• **Task details**: Please transcribe the data that follows exactly as given, leaving out every picture.

• **Input data**:

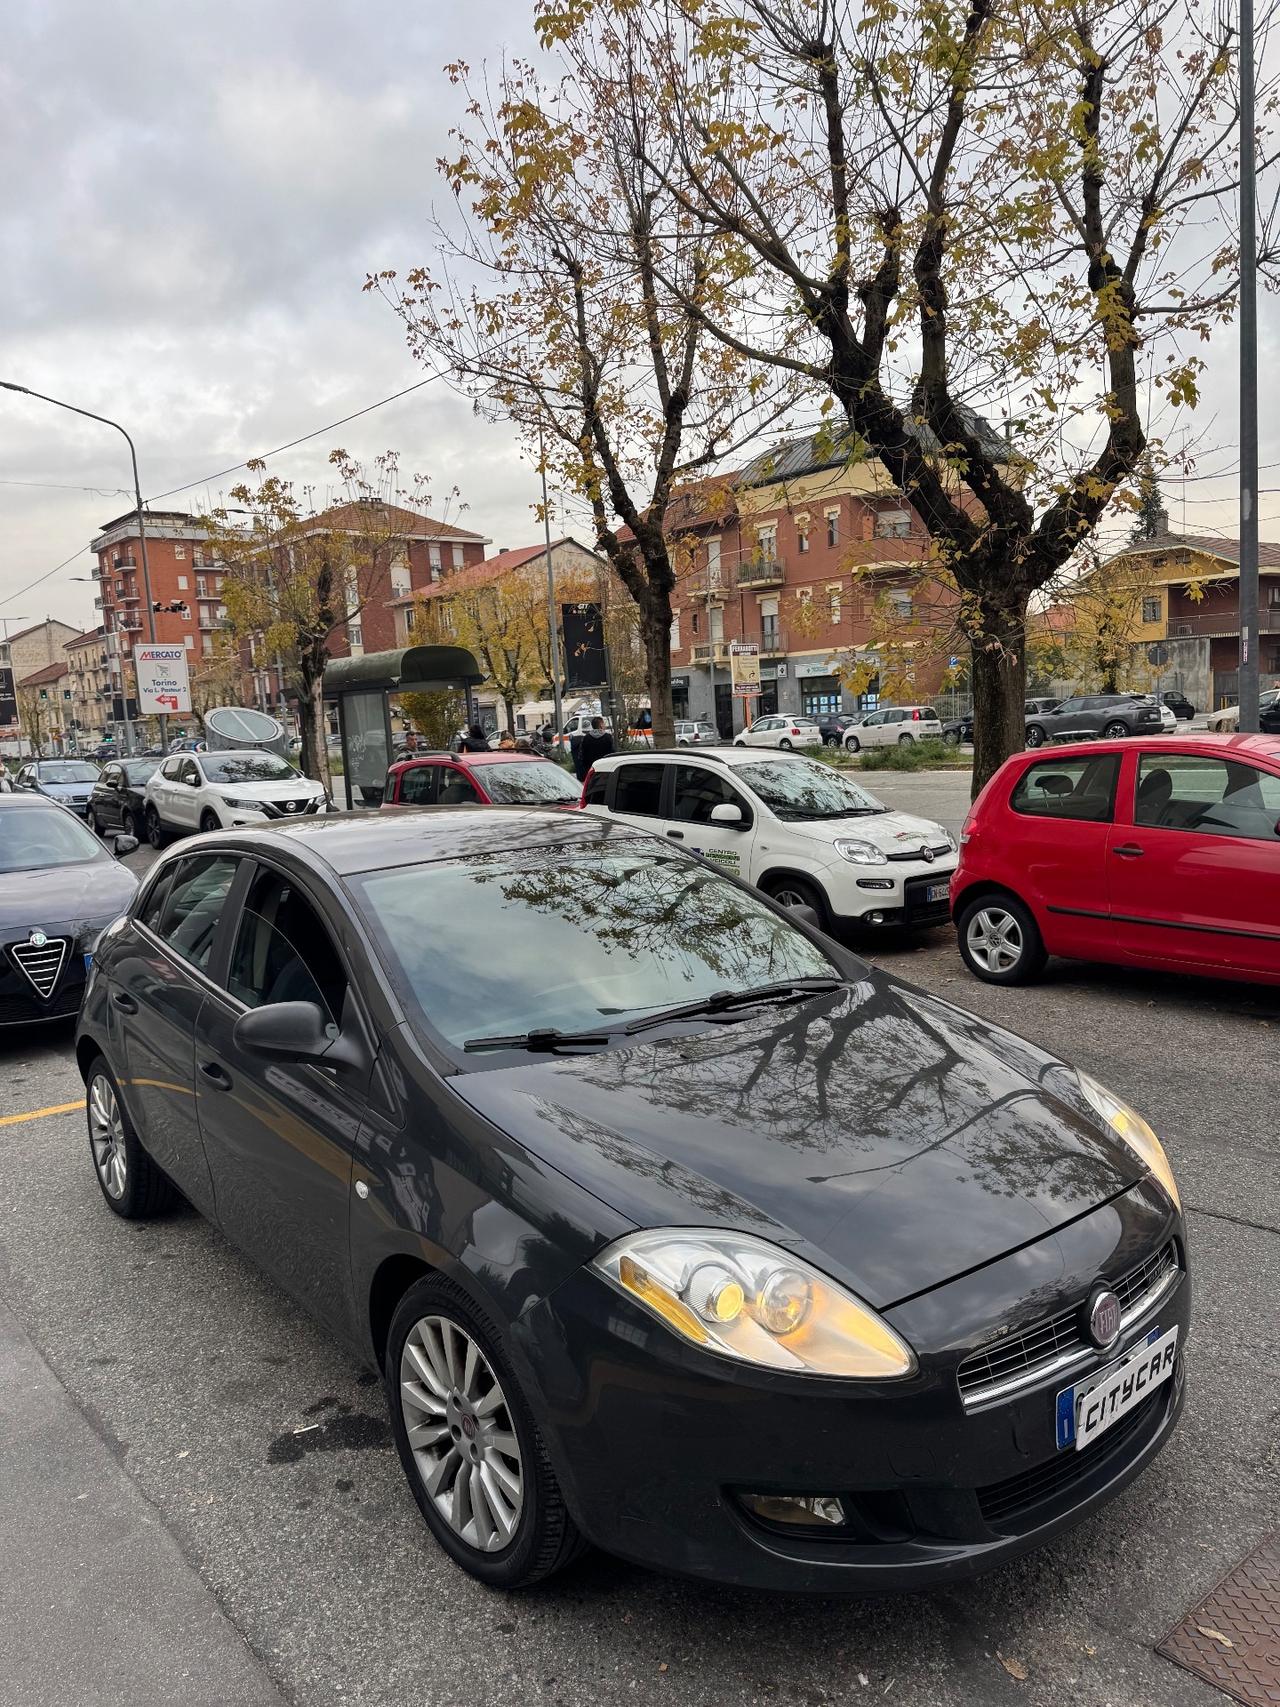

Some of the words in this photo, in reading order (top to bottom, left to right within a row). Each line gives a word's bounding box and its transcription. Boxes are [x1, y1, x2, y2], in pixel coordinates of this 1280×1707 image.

[140, 651, 181, 660] MERCATO
[1100, 1305, 1118, 1335] FIAT
[1086, 1342, 1175, 1432] CITYCAR
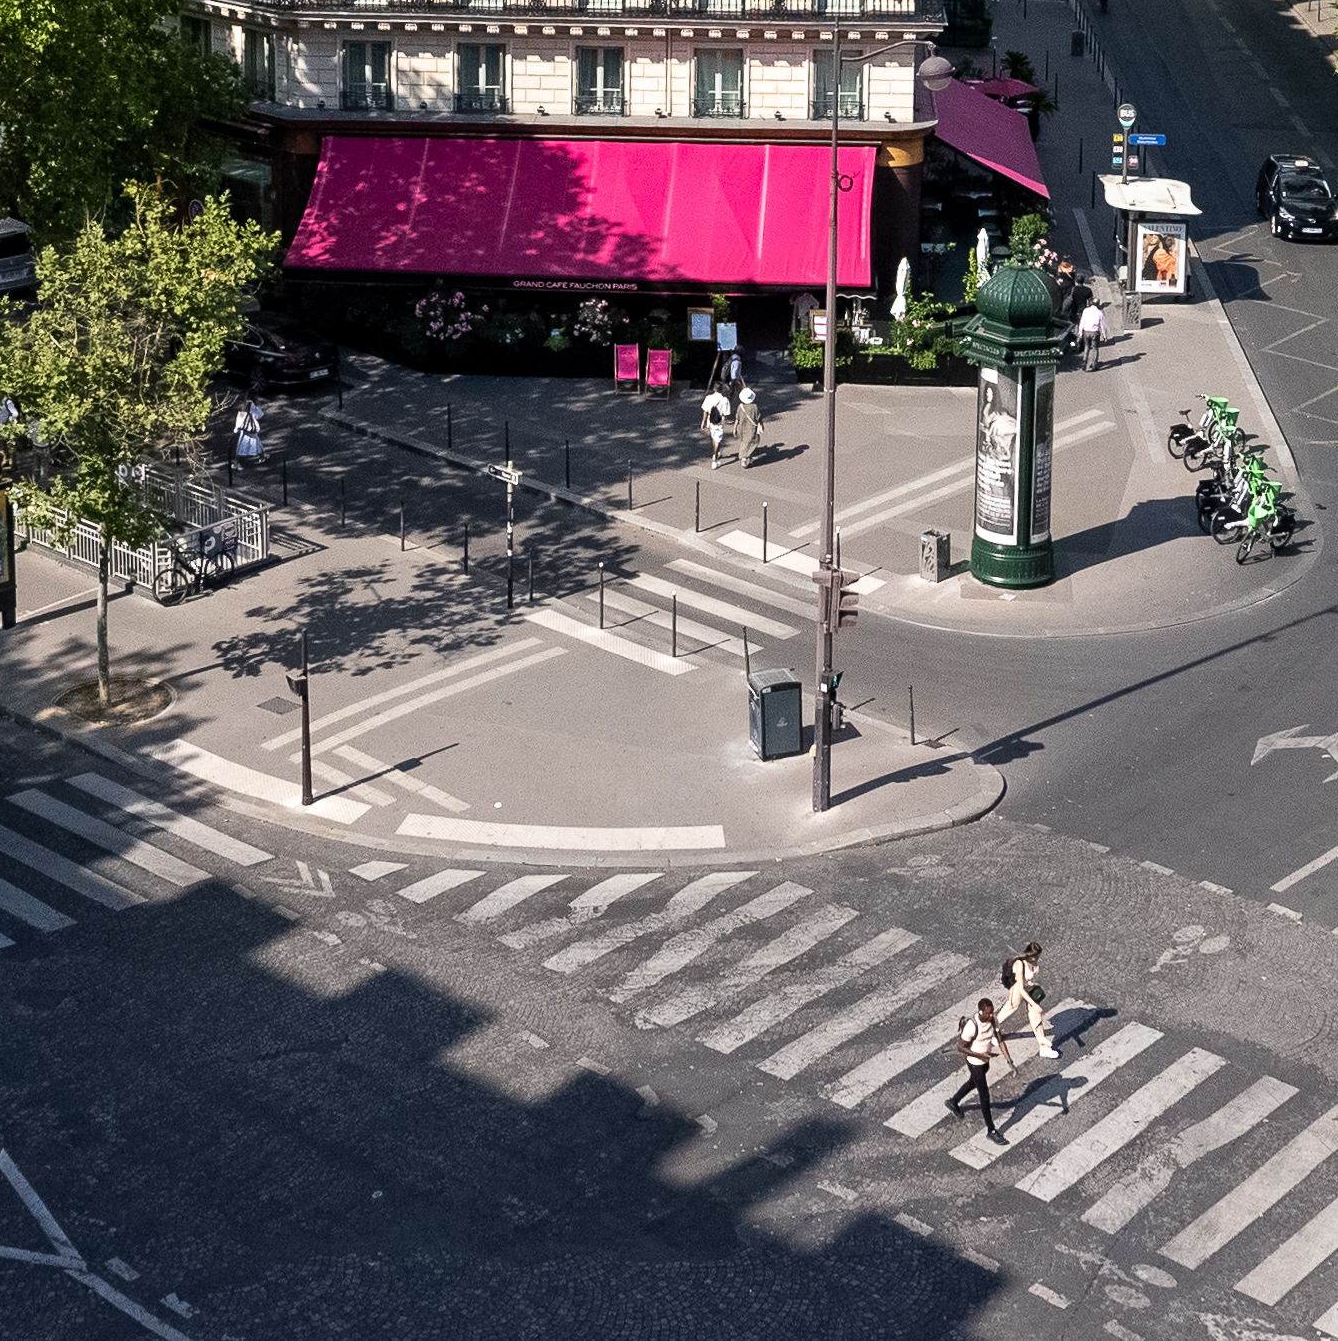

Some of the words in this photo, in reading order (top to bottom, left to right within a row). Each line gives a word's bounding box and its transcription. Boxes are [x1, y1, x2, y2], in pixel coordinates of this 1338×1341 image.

[1120, 109, 1135, 118] BUS
[1143, 225, 1182, 233] VALENTINO
[570, 282, 611, 290] FAUCHON
[1013, 349, 1050, 357] SPECTACLES
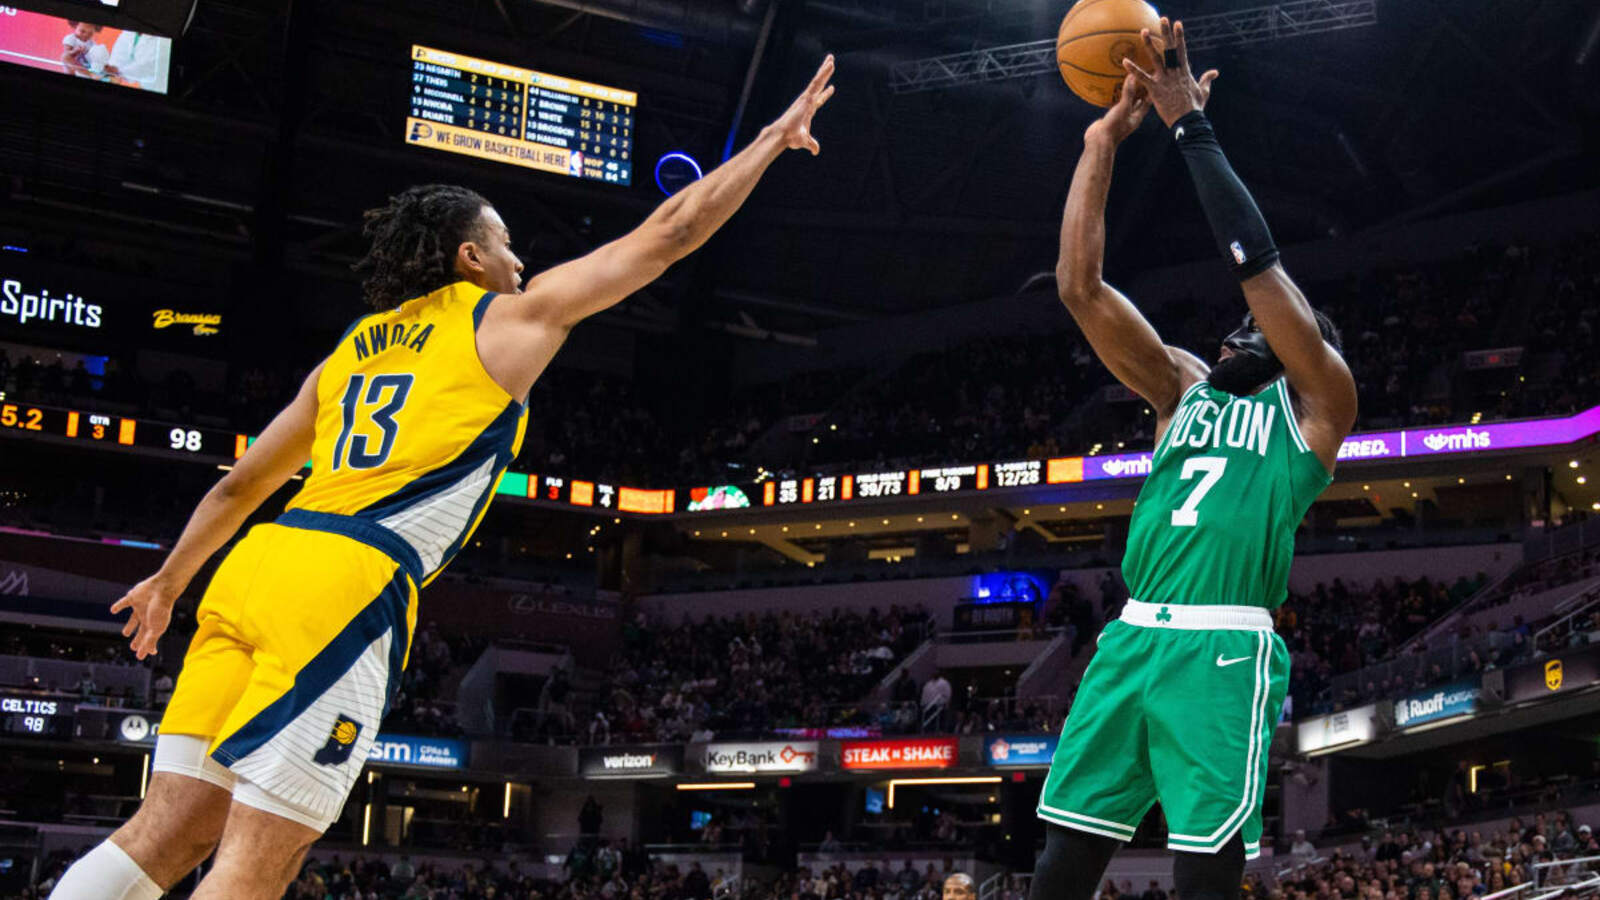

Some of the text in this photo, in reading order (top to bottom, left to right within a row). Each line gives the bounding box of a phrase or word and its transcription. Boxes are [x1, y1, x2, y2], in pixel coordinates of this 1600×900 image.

• **Your solution**:
Some of the words in this photo, in reading order (top to bottom, left to right within a row). Each line gives a word's bounding box and its transcription. Boxes are [x1, y1, x2, y2], in pixel coordinates of this 1280×1707 image.

[140, 651, 181, 660] MERCATO
[1100, 1305, 1118, 1335] FIAT
[1086, 1342, 1175, 1432] CITYCAR

Some of the words in this photo, in reading order (top to bottom, left to right within a row). Each line gives a word's bounding box and its transcription. Boxes are [x1, y1, x2, y2], in pixel coordinates of this 1338×1341 image.

[1120, 109, 1135, 118] BUS
[1143, 225, 1182, 233] VALENTINO
[570, 282, 611, 290] FAUCHON
[1013, 349, 1050, 357] SPECTACLES

Some of the text in this photo, in reading order (top to bottom, left to right within a row). Each line gives the bounding box of a phrase or word and its transcription. Boxes are [x1, y1, x2, y2], in pixel coordinates of this 1600×900 image.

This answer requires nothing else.